Opinion
1998-02195
Submitted November 8, 2002.
December 2, 2002.
Appeal by the defendant from a judgment of the Supreme Court, Queens County (Hanophy, J.), rendered February 24, 1998, convicting him of murder in the second degree and criminal possession of a weapon in the second degree, upon a jury verdict, and imposing sentence.
Robert DiDio, Kew Gardens, N.Y. (Patricia D. Levan of counsel), for appellant.
Richard A. Brown, District Attorney, Kew Gardens, N.Y. (John M. Castellano, Lisa Drury, and Thomas S. Berkman of counsel), for respondent.
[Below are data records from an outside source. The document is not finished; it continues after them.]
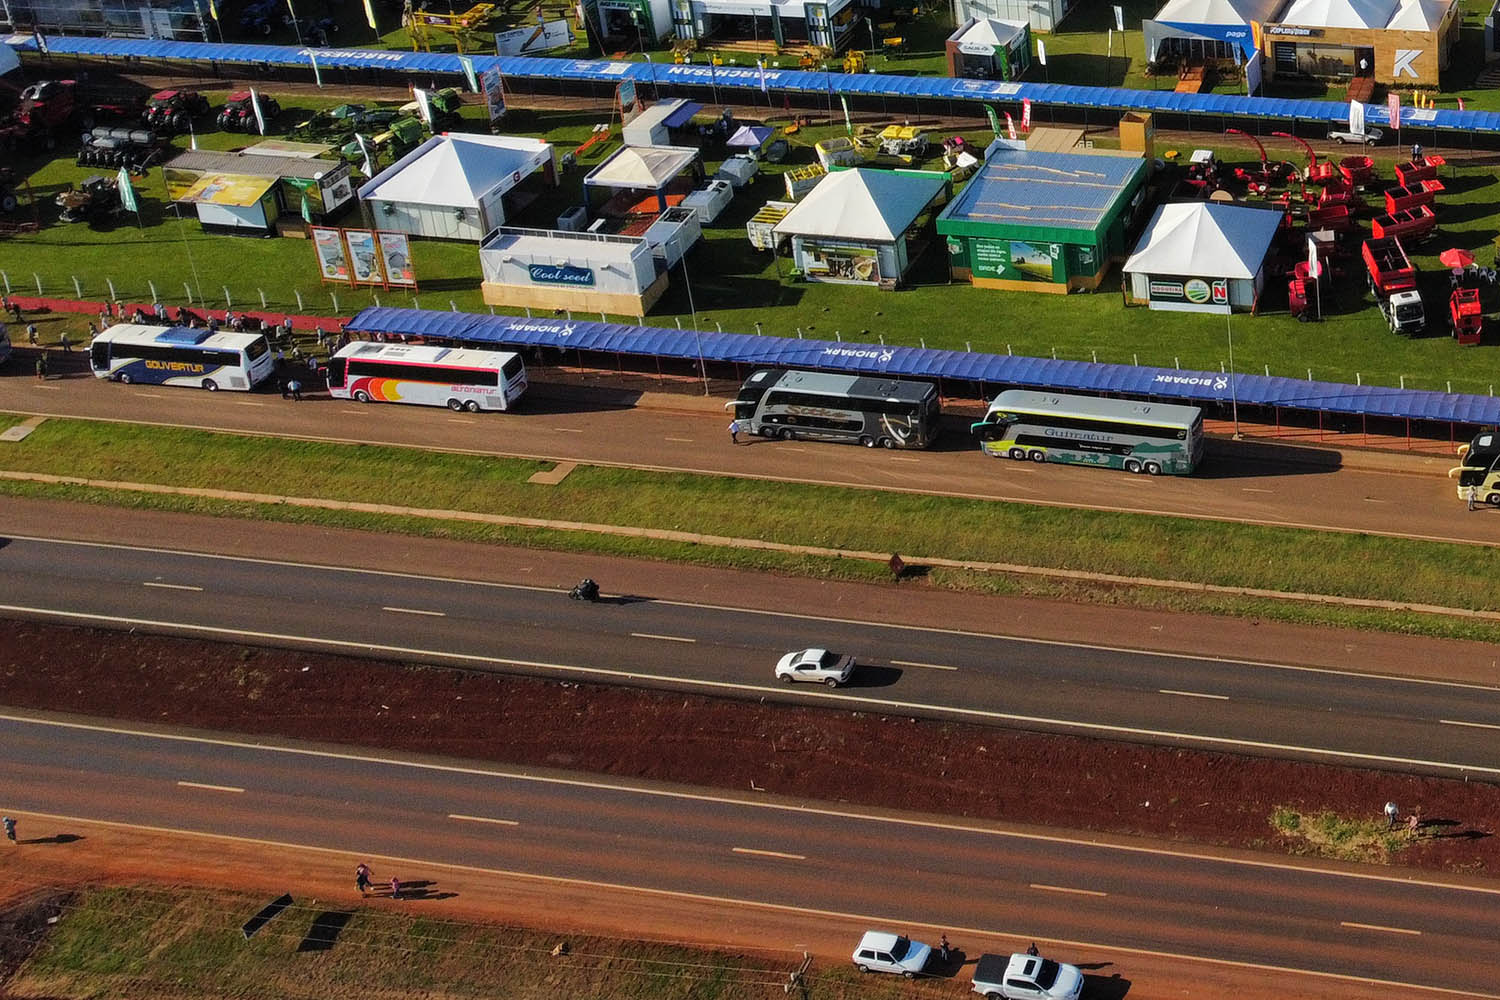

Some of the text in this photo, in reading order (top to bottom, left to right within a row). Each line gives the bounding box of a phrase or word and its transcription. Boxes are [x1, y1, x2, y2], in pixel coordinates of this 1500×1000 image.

[297, 49, 404, 62] MARCHESAN
[1393, 49, 1424, 78] K
[668, 67, 782, 81] MARCHESAN
[530, 266, 592, 283] Cool seed
[508, 323, 561, 334] BIOPARK
[822, 348, 878, 360] BIOPARK
[1155, 375, 1211, 388] BIOPARK
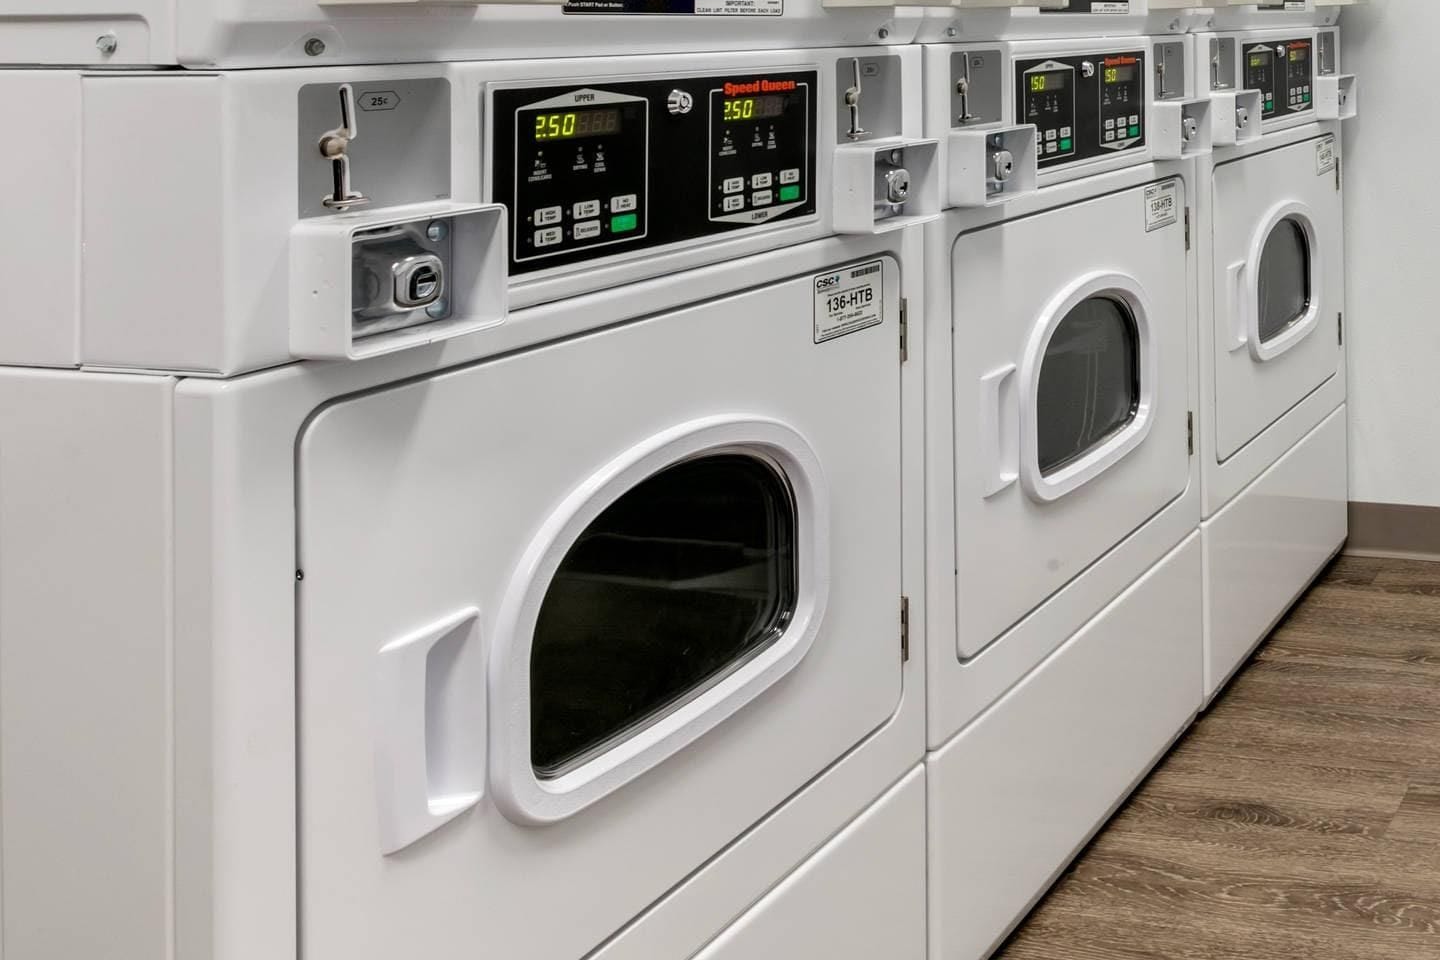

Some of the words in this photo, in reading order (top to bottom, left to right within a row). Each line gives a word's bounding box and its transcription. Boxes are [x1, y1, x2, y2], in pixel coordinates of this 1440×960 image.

[723, 81, 759, 95] Speed
[762, 79, 796, 91] Queen
[574, 93, 595, 103] UPPER
[752, 211, 768, 220] LOWER
[816, 277, 834, 288] CSC
[827, 287, 872, 312] 136-HTB
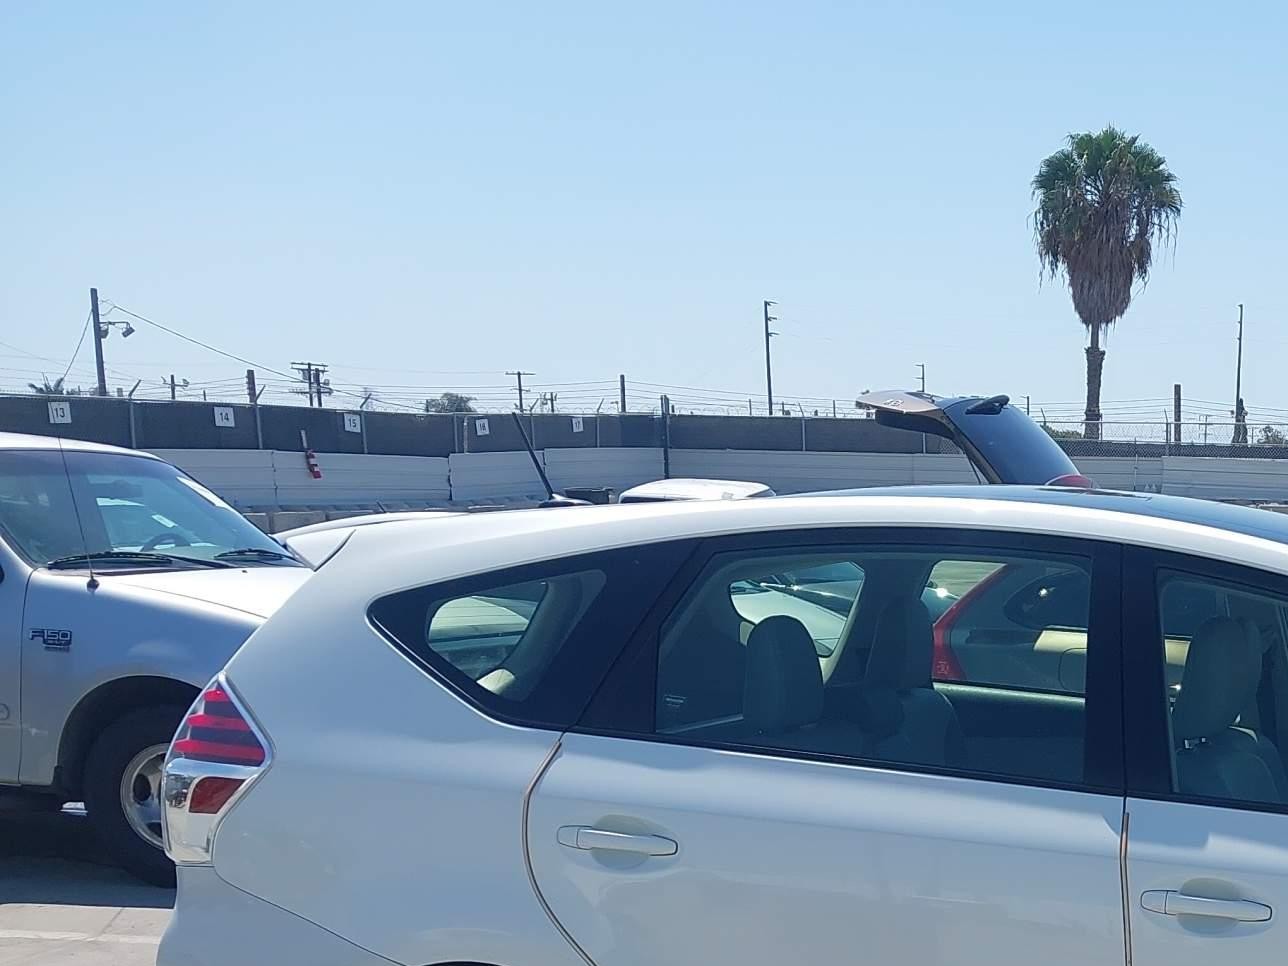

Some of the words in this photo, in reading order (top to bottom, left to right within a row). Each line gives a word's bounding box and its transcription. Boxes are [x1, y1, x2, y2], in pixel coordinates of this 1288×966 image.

Before: FRED T. SANTUCCI, J.P., GABRIEL M. KRAUSMAN, STEPHEN G. CRANE, WILLIAM F. MASTRO, JJ.
DECISION ORDER
ORDERED that the judgment is affirmed.
Contrary to the defendant's contention, the trial court's Batson ruling was proper (see Batson v. Kentucky, 476 U.S. 79). The People established a prima facie case of discrimination based on the defense counsel's pattern of using peremptory challenges against white jurors (see People v. Chapman, 295 A.D.2d 359, 360). Thus, defense counsel was required to provide a nonpretextual, racially-neutral explanation for his challenge (see People v. Kern, 75 N.Y.2d 638, cert denied 498 U.S. 824). Defense counsel failed to do so as to the subject juror and, therefore, there is no reason to disturb the trial court's finding that the reason given for the challenge was pretextual (see People v. Chapman, supra).
The defendant's remaining contentions are either unpreserved for appellate review or without merit.
SANTUCCI, J.P., KRAUSMAN, CRANE and MASTRO, JJ., concur.